Programming survey in final week | State & Region

Fayette County Parks and Recreation is peering ahead to a post-Covid-19 future. 

Through Nov. 30, the board is accepting responses for a survey related to planning and management for the future of the Fayette County Park in Beckwith and the Fayette County Soldiers and Sailors Memorial Building in Fayetteville.

“We think it’s important to hear from the community, their thoughts about programming for both places,” said Renee Harper, park director.

The survey asks people to share memories they have of both facilities.

“The park and the memorial building are very nice assets that the county owns,” said Harper. “Some Fayette County residents feel a real connection, whether it be the park or the memorial building. We certainly feel it’s important to hear from the community going forward, ideas they have.

“Certainly we would encourage the public to (fill out the survey).” It is available at the following link:

Among the questions posed are the frequency of the respondents’ use of either facility, as well as reasons for their past visits. Also, survey participants are asked to suggest children and adult activities of which they’d like to see more at the venues, such as health and wellness, senior programs, arts and crafts, home/garden show or music at the memorial building or events such as nature programs, outdoor concerts or movies, or food vendor competitions at the park.

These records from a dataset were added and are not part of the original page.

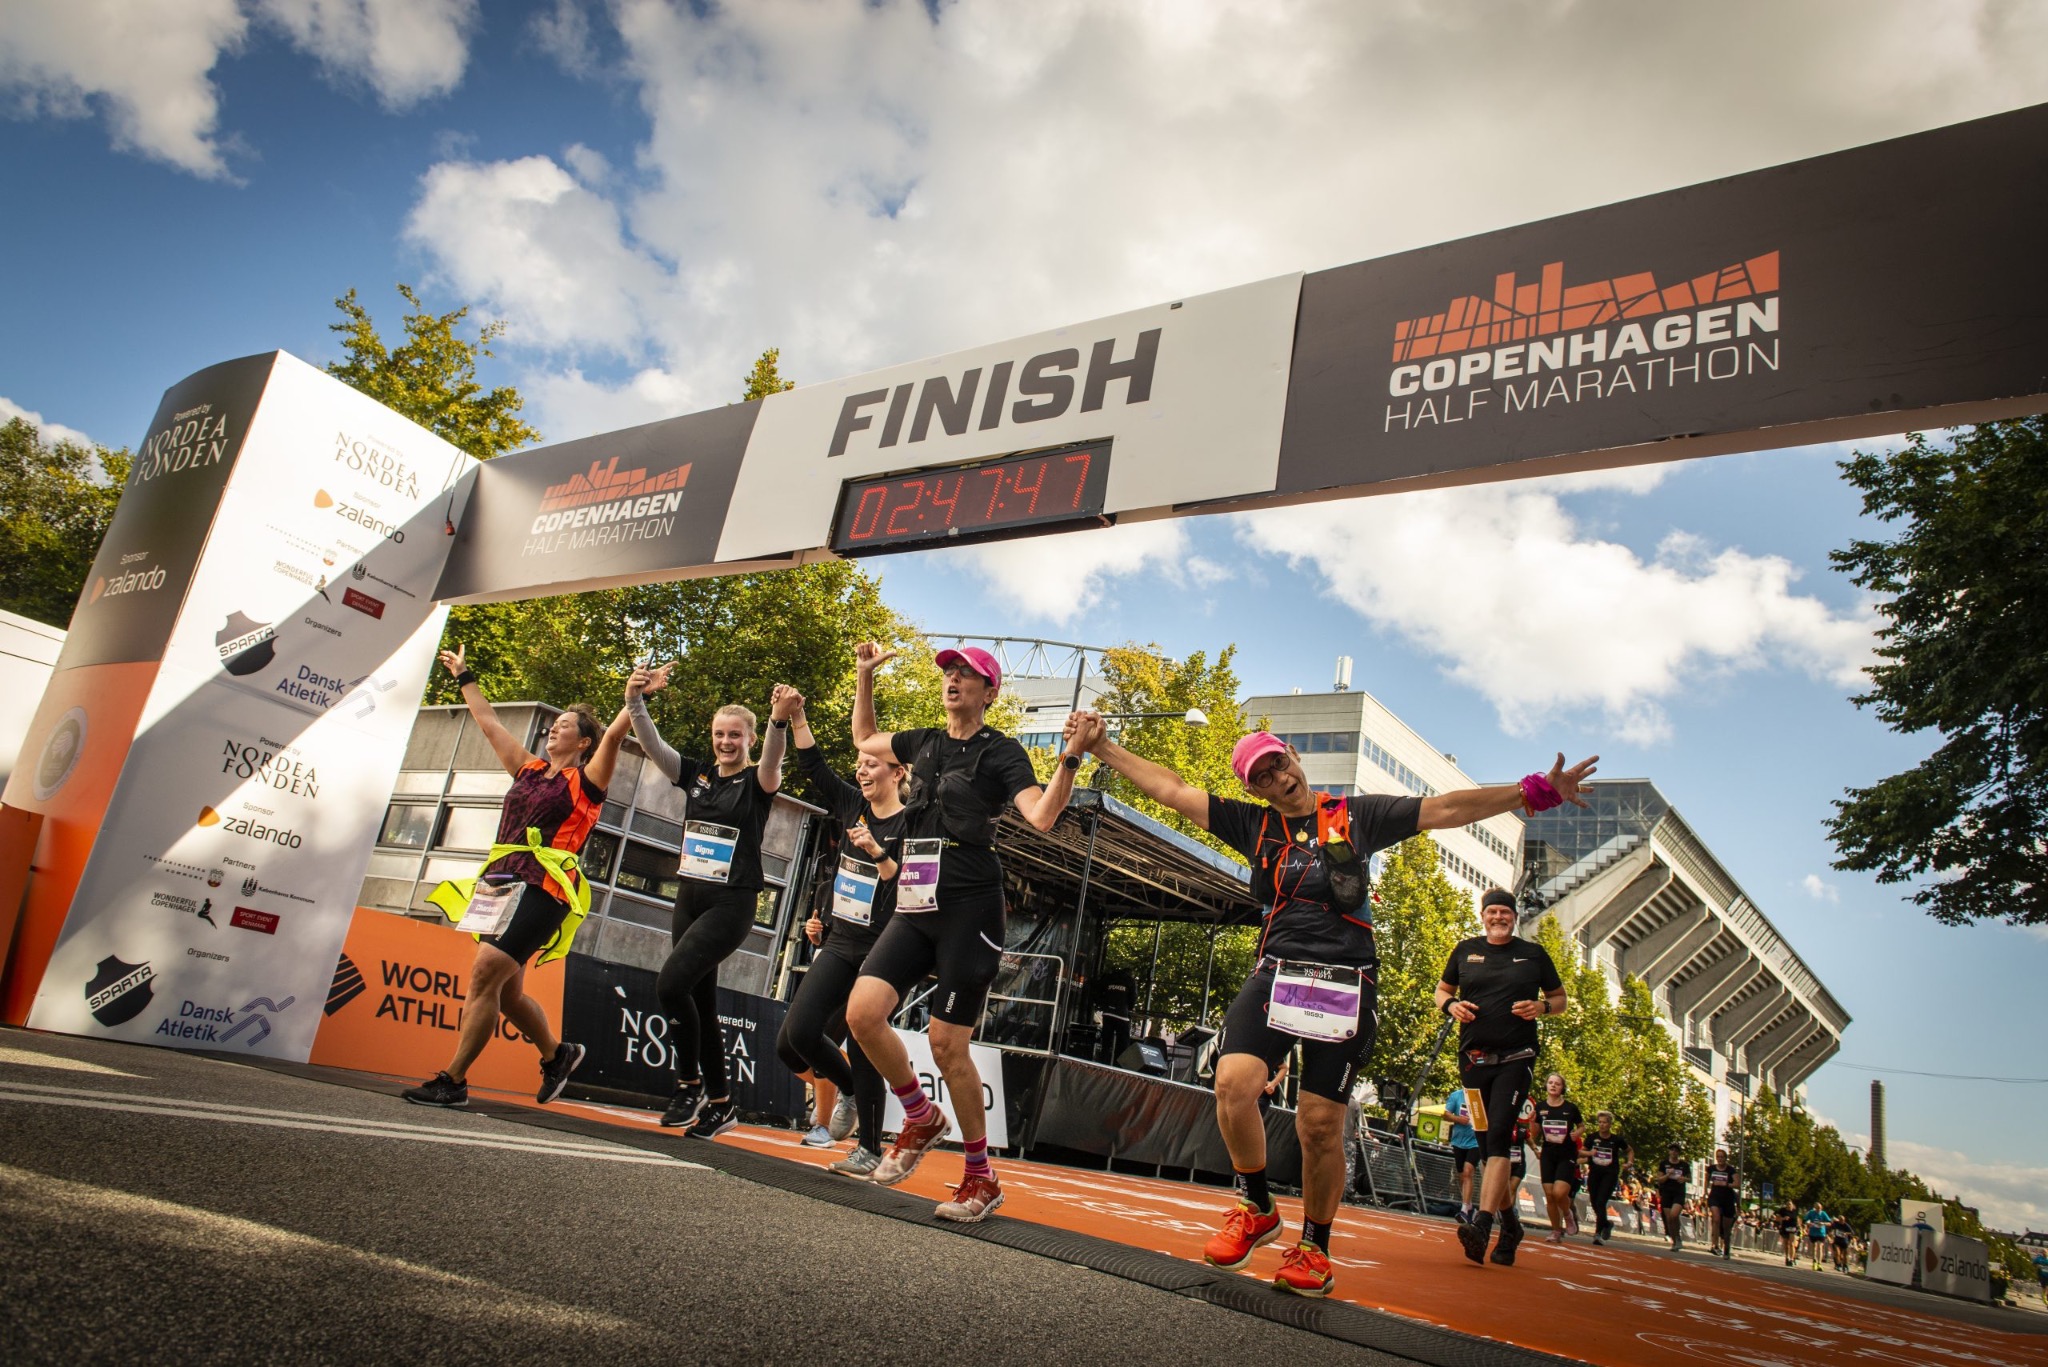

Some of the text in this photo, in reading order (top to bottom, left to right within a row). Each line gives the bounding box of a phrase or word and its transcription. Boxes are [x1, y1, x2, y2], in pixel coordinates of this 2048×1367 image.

[1389, 297, 1779, 397] COPENHAGEN
[827, 328, 1163, 458] FINISH
[1383, 338, 1780, 433] HALF MARATHON
[142, 413, 227, 461] NORDEA
[134, 439, 229, 487] FONDEN
[335, 431, 417, 485] NORDEA
[335, 448, 420, 501] FONDEN
[531, 491, 683, 535] COPENHAGEN
[849, 453, 1092, 542] 02:47:47
[336, 502, 405, 544] zalando
[521, 516, 675, 558] HALF MARATHON
[103, 564, 166, 597] zalando
[219, 626, 275, 657] SPARTA
[304, 617, 343, 638] Organizers
[276, 677, 331, 709] Atletik
[297, 664, 346, 695] Dansk
[260, 736, 291, 752] Powered
[222, 739, 317, 782] NORDEA
[221, 758, 320, 799] FONDEN
[242, 801, 275, 817] Sponsor
[223, 816, 302, 850] zalando
[222, 856, 257, 872] Partners
[694, 844, 716, 856] Signe
[150, 898, 197, 914] COPENHAGEN
[153, 891, 198, 908] WONDERFUL
[187, 947, 230, 963] Organizers
[90, 965, 152, 1010] SPARTA
[381, 959, 468, 1002] WORL
[179, 1000, 236, 1025] Dansk
[744, 1018, 757, 1032] by
[1303, 1010, 1324, 1019] 19593
[155, 1018, 220, 1042] Atletik
[1881, 1241, 1914, 1265] zalando
[1940, 1253, 1988, 1282] zalando

They are also asked about changes they would suggest for each facility, and how the facilities could be better used to serve the community.

Harper, who will leave the director’s job in early December, says she’s seen “the connection that a lot of people feel for this park.” She mentioned talking to former lifeguards in years past about their memories of working at the park pool, as well as individuals who revisited their time spent at various camps at the park over the decades. With the memorial building, many people recall playing or watching sports at the facility, and others remember past music concerts staged there through the years.

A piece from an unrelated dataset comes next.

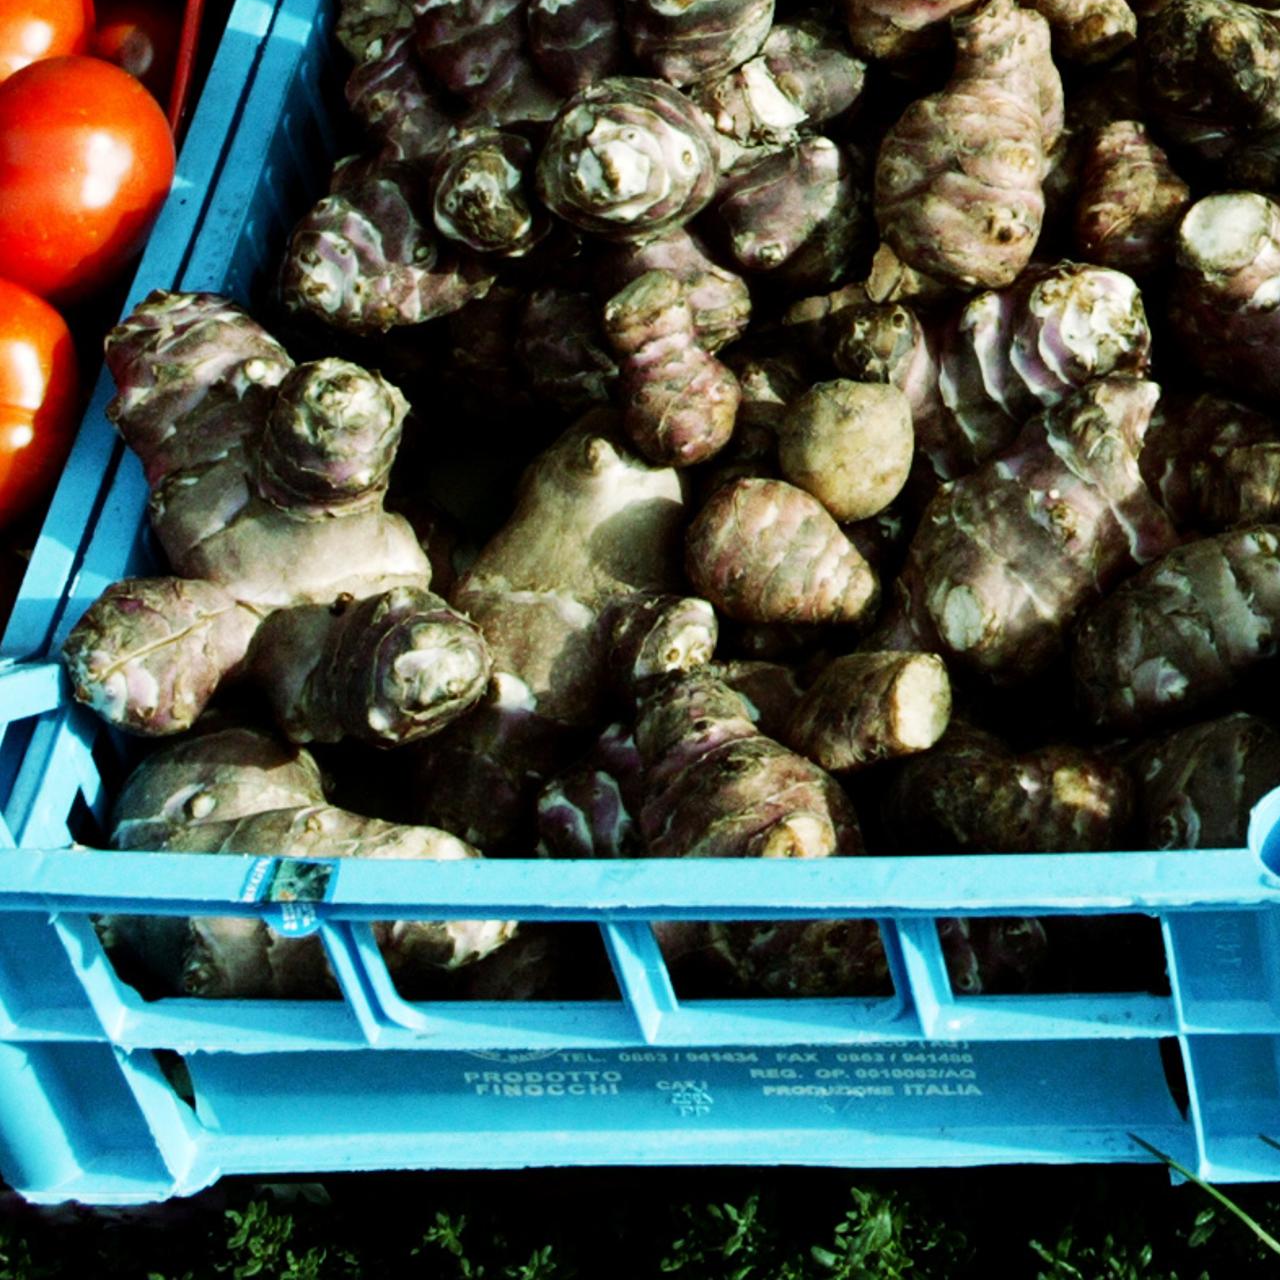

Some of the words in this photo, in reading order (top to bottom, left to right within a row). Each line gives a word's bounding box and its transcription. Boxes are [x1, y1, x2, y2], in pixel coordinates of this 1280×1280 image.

Covid-19 has hindered operations to some degree at both locations since mid-March. The FCSSMB has been used with less frequency than the park, obviously, since it is indoors. Fayette County Commission-related functions such as meetings, elections and a recent Veterans Day ceremony have been held there this year, and some small exercise activities have occurred, but a slew of other events had to be canceled.

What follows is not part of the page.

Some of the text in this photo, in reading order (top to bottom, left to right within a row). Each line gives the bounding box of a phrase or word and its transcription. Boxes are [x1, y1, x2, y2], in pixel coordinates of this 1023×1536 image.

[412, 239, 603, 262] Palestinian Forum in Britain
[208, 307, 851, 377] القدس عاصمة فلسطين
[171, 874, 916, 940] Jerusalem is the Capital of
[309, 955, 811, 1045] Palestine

And, with school and community sports events on hold until at least Jan. 11, many of the games and activities normally attracted to the building are up in the air for at least the early portion of 2021, says building manager Okey Skidmore. “Everything’s up in the air; I’ve had interest in a few things (but they can’t be scheduled),” he said.

Skidmore hopes to see the results of the survey help spur a movement to “bring excitement, I hope, back to the building. Get (people) interested in the building again, maybe see that the community still sees some value in the building.”

Seeing more bodies in the historic structure again is crucial, he said. “That’s what this building was built for, to use it.”

“This year, we were able to keep the park gate open, which I felt good about,” Harper said. “A lot of parks didn’t; they closed down.

“We’ve seen an increase in day users, people looking for a place to social distance and green space where they could get out with the kids. Disc golf seemed to be a big hit with locals; as well, we’ve seen a lot of out-of-area guests enjoying the disc golf this summer,” she added.

The county pool wasn’t opened for the summer, but Harper says it’s an asset to be protected and improved for the future. Funding availability and getting past Covid-19 are concerns on the front end.

“At top of my list would be some improvements and upgrades to the pool,” she said. “The pool is one of the few public pools that’s left in Fayette County and surrounding counties. There’s not a lot of public swimming pools left.

“That’s an asset the county needs to protect and look after. … I think we need to pay great attention to that pool and the pool facility,” she added.

“I feel like the past two or three years we were trending to move past the time when the pool was closed for pool repairs. A lot of folks didn’t think the pool reopened.”

Staff have taken strides in more recent times to market the facility, and numerous events such as ladies swims and senior swims were held there until 2020. “We were at the point we were certainly seeing the numbers grow,” she said.

Harper said that hopefully by midsummer or the fall of 2021 some of the programming ideas suggested in the survey can be implemented.

Finances in recent years have been an issue, she admits. “For the last few years, county revenue has been down by the way of the coal severance and all that, so yeah, that does ultimately affect the park and the memorial building. The funding’s not there like it was in 2015, 2012 when times were a little better.

“The county’s always pursuing grants. Yes, funding’s an issue. When there are funding cuts, other things take priority over recreation. I don’t want to indicate that things are critical, but the current funding situation in the county doesn’t allow for a lot of capital improvements and that sort of thing.

“I don’t foresee the park increasing fees at this point because we did a couple years ago,” Harper said.

However, groups such as little league and AAU basketball which have used the FCSSMB for free in the past are facing having to pay a fee in the future, she noted. “We have examined a usage fee for groups, something that is very reasonable.”

The county commission has approved a $50 per hour fee for general public use of the FCSSMB, $2,000 per season for AAU (starting in 2022) and $1,000 per season for Fayetteville Youth Basketball starting in 2022, Harper said. “We continue to work toward a fee schedule for nonprofits/civic groups, etc.”